This is the 15th year of continuous daily publication for 365Caws. All things considered, it's likely it will be the last year as it is becoming increasingly difficult for me to find interesting material. However, I hope that I may have inspired someone to a greater curiosity about the natural world with my natural history posts, or encouraged a novice weaver or needleworker. If so, I've done what I set out to do.
Friday, June 11, 2021
It Started With Sanicula
Day 241: Earlier this year while hiking in Rimrock County Park, I found some odd foliage I couldn't identify.

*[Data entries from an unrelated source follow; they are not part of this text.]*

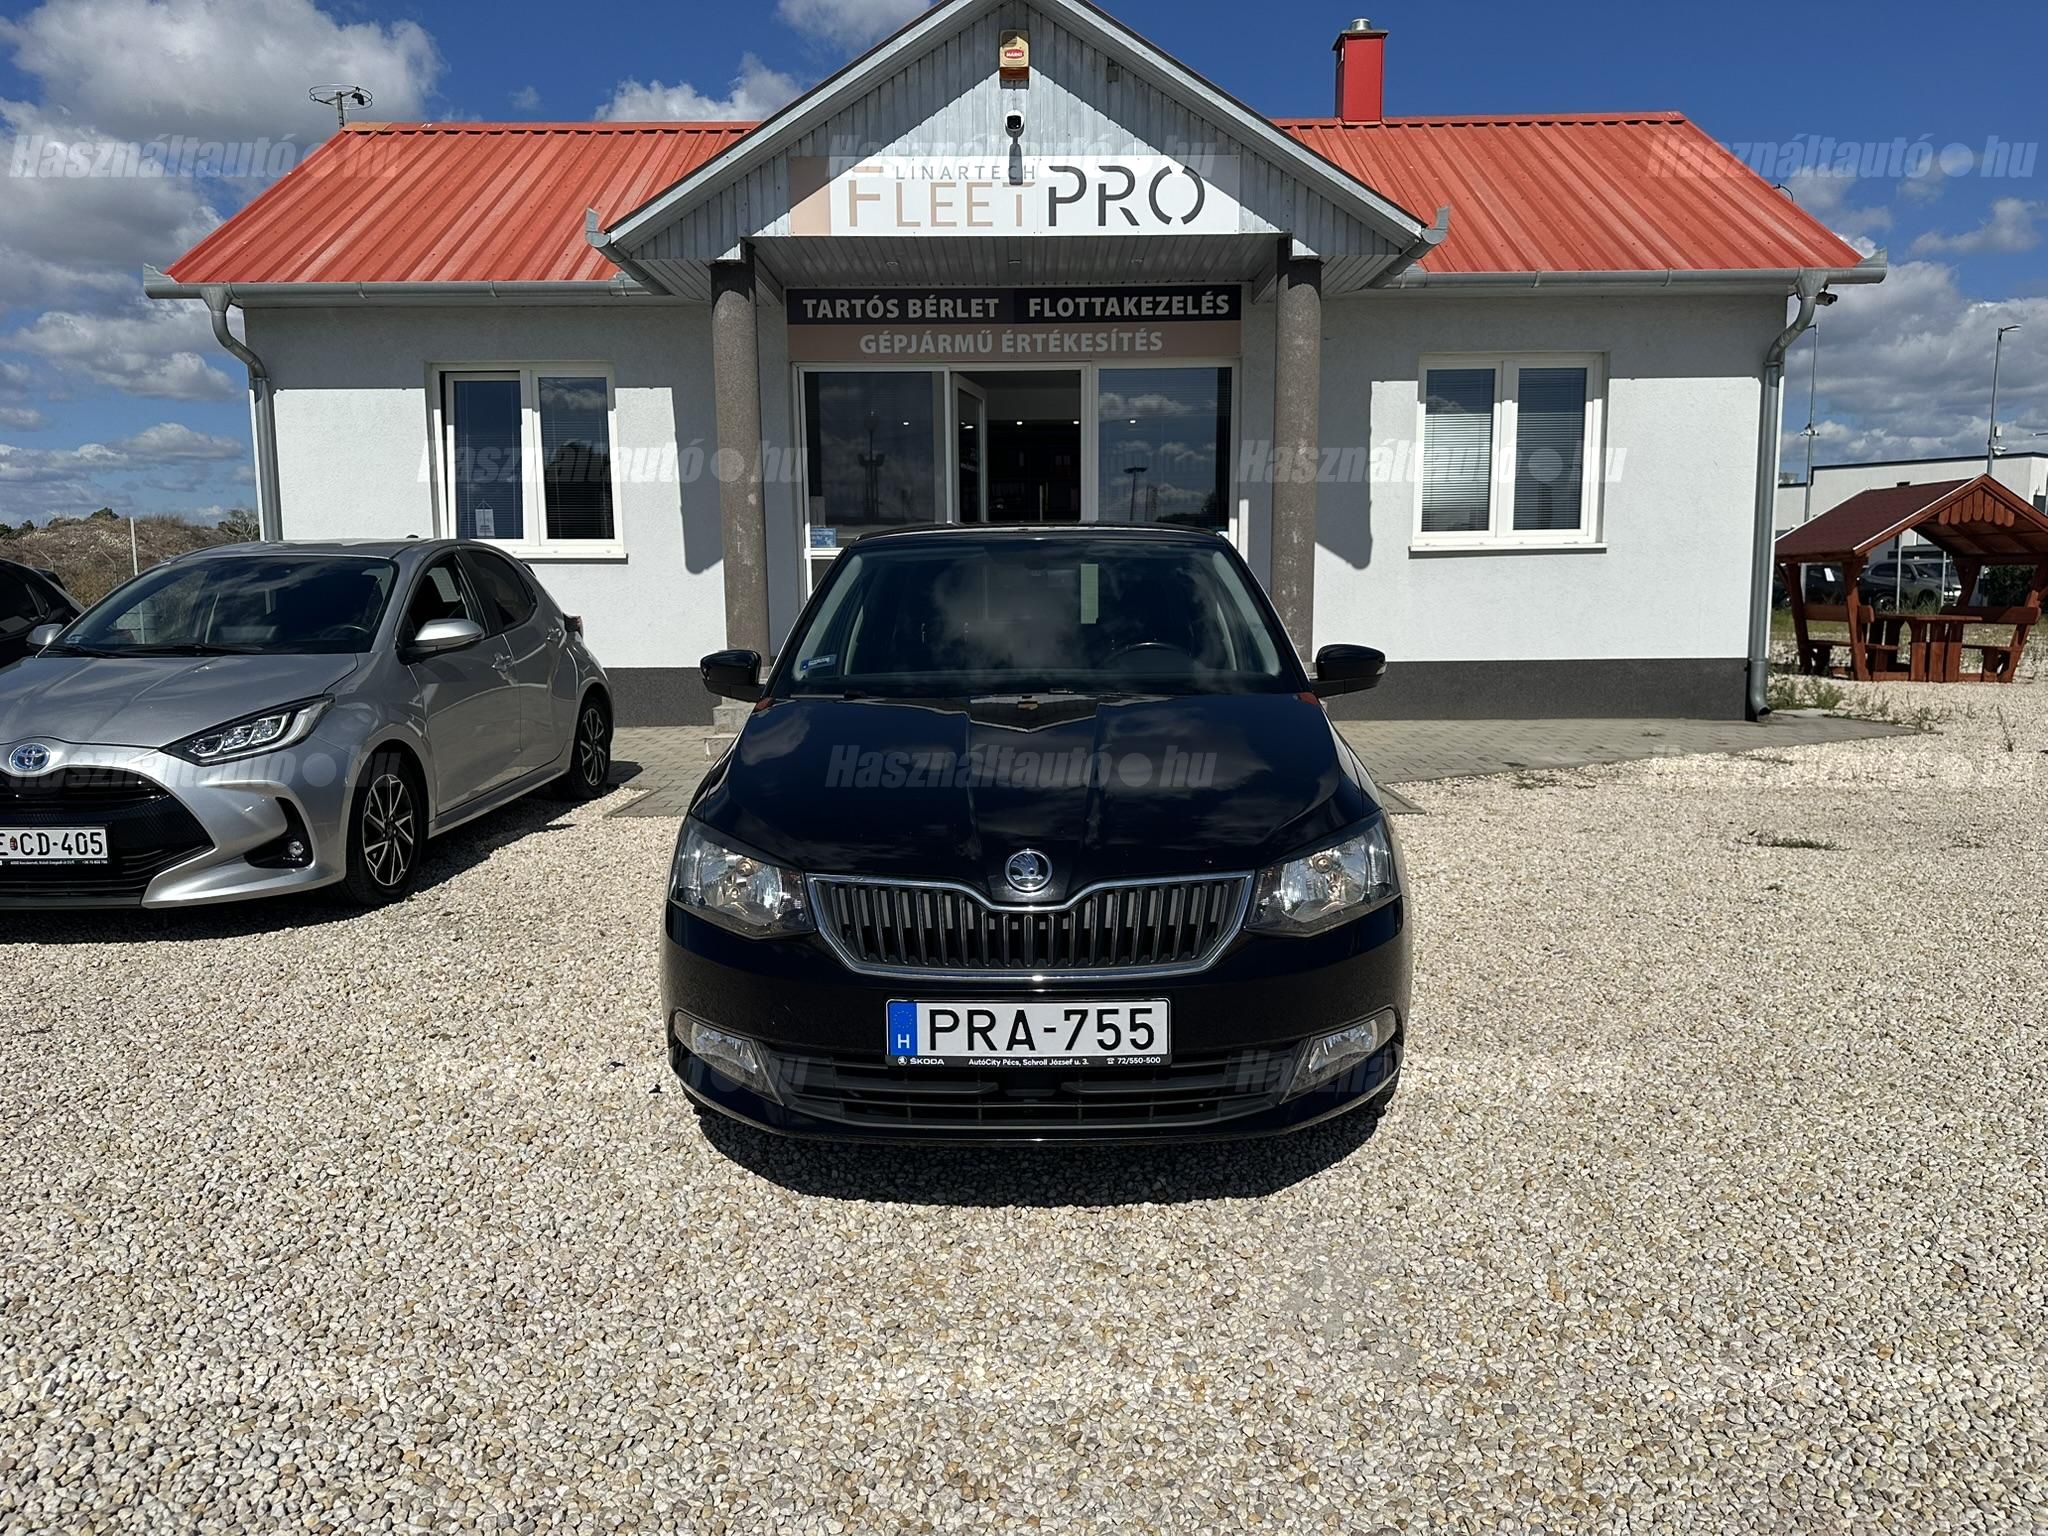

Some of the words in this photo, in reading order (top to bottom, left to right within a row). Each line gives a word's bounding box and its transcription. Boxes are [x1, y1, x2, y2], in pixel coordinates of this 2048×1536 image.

[895, 164, 1036, 181] LINARTECH
[803, 294, 900, 318] TARTÓS
[907, 295, 1000, 318] BÉRLET
[1029, 291, 1231, 317] FLOTTAKEZELÉS
[859, 329, 994, 354] GÉPJÁRMŰ
[1001, 327, 1164, 353] ÉRTÉKESÍTÉS
[20, 832, 103, 856] CD-405
[897, 1033, 910, 1049] H
[929, 1008, 1155, 1051] PRA-755
[968, 1058, 1001, 1067] AutóCity
[1022, 1058, 1048, 1066] Schroll
[1049, 1058, 1073, 1066] József
[1117, 1056, 1161, 1065] 72/550-500

I referred it to my two tame experts, Arnie and David Giblin at the Burke Herbarium. They both identified it as Sanicula crassicaulis, and left it to me to determine the subspecies (var. crassicaulis). David said, "And be sure you get pictures of the flowers when it blooms." That was my project for yesterday: find a bloomin' Sanicula. I think David must have been having a quiet little chuckle, knowing what was ahead of me. I hadn't gone far up the trail when I spotted the familiar leaf. A few tall stems rose above the foliage, terminating in what I took to be seed capsules. As I continued on, I was kicking myself for not having made the trip in late May, thinking that the petals had already dropped, but then noticed a tiny fleck of yellow on another inflorescence. "Hang on a mo'," I said aloud. "Is that the freakin' flower?" What I'd seen earlier were buds. A hand lens would have been nice to have at this particular juncture, but no one had warned me. I put my eye right down on the yellow bits and discovered that yes indeed, the Sanicle panicle displays a number of tiny corymbs, all in a space no larger than the pink of your thumbnail. I'm trying to work that into a poem to drop on David as my revenge.